The oldest of three kids, Soopafly was born and raised in Long Beach. He can remember first being touched by music while watching the gospel musicians play during church. His father, who would later oppose his son's musical pursuits, gave his young boy a keyboard to emulate the piano player he's watch in church. "I just started learning on my own," says Fly. "I got a little older and a lot better at it." Ironically, the better he became, the more his father looked upon his son's dreams with a furrowed brow. "I don't think my dad believed in me. He didn't believe in that music stuff. He wanted me to get a job and do something. I had a couple of jobs here and there, but music was always #1, whether the money was there or not." Things turned around for young Fly when he met up with Snoop as a teenager. "He was in his Death Row thing, and he liked what I was doing as far as playing keys. Then I hooked up with Dr. Dre, and that was really like my first project, playing as his keyboardist on Death Row before I was really even making my own beats."

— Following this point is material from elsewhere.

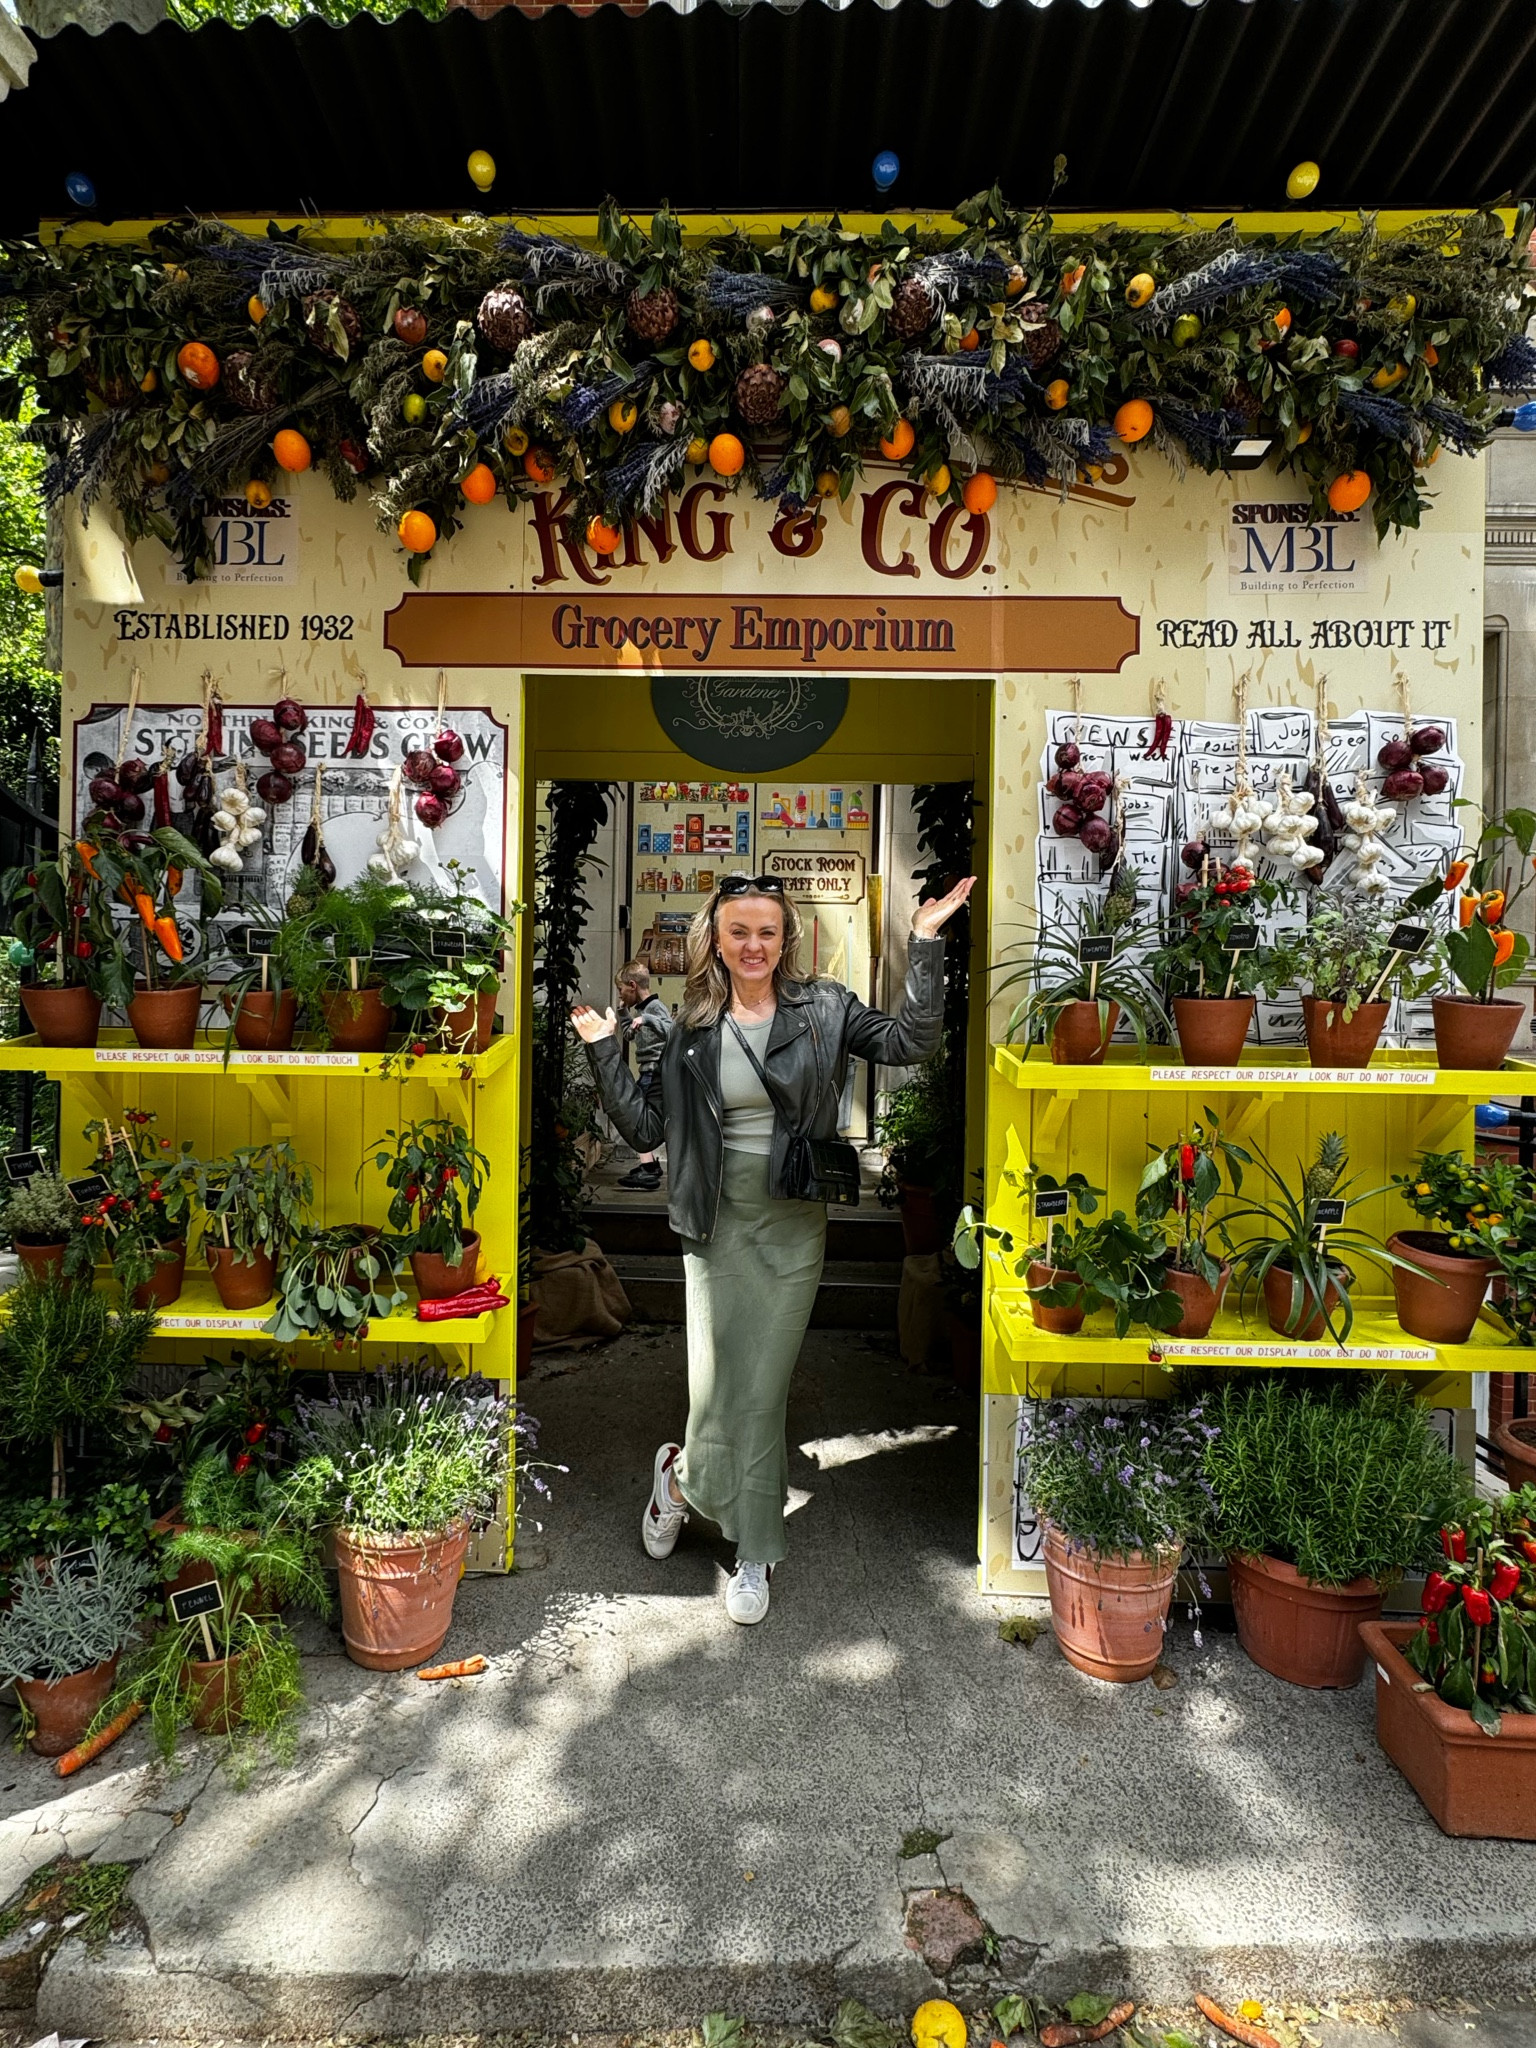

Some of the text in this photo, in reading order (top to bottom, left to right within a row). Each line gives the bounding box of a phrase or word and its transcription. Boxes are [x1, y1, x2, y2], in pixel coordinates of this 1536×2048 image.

His talent for creating beats would be revealed in 1994 when Fly gave his first produced track to Snoop for a listen. The slow-noddin', closed-eyed thump of Fly's beat became the song, "Who Got Some Gangsta Shit?" off the 1994 soundtrack, "Murder Was The Case." "I started making more and more music," says Fly about his sudden flood of production work. Then when I hooked up with Daz, that was really it. We started being a team and making our own beats." Once the DPG camp knew he was tight, Fly began churning out beats throughout the mid-nineties and into 2000 for Snoop, Daz and Kurrupt of the Dogg Pound, The Twinz, Dru Down, Mack 10, the Whoridas, Nate Dogg, and even reggae artist Barrington Levy. He also contributed to several soundtracks including "Thin Line Between Love and Hate." "Nothin To Lose," "I Got the Hookup," "Rush Hour," "Caught Up," "Gridlock'd" and "Gang Related."
Soopafly says the creative seeds for these beats come from various sources of inspiration. "I could be driving down the street, that's when I hear a lot of things, when I'm in the car by myself playing different CDs. Usually I can come up with a whole rap while I'm driving. Some of the days I just have those beats on the back burner. They might help in projects I have. I just pull em on up, finish em up and get em done.
In the midst of this production flurry, Soopafly signed a one record deal with Daz's Death Row subsidiary, DPG Records in 1996. But his album, "Like It Or Not," was pulled and shelved by Death Row at the eleventh hour. In 2000, Daz and Soopafly left and began contributing songs to other labels, such as "Your Gyrlfriend 2" with Mac Shawn, and songs for Tha Eastsidaz, Xzibit and Silkk that Shocker albums. Throughout all of the drama, Soopafly's dedication to his craft remained steadfast. With paperwork now secure on Dogghouse, Soopafly can focus 100 on taking his career to the next level with an album in the pipeline, his young r&b dynamo LaToya waiting in the wings, and a decade full of pent-up musical energy now free to be unleashed. "I'm coming hard, and it's gonna be terrible," he says. "It ain't gonna be nothin' soft."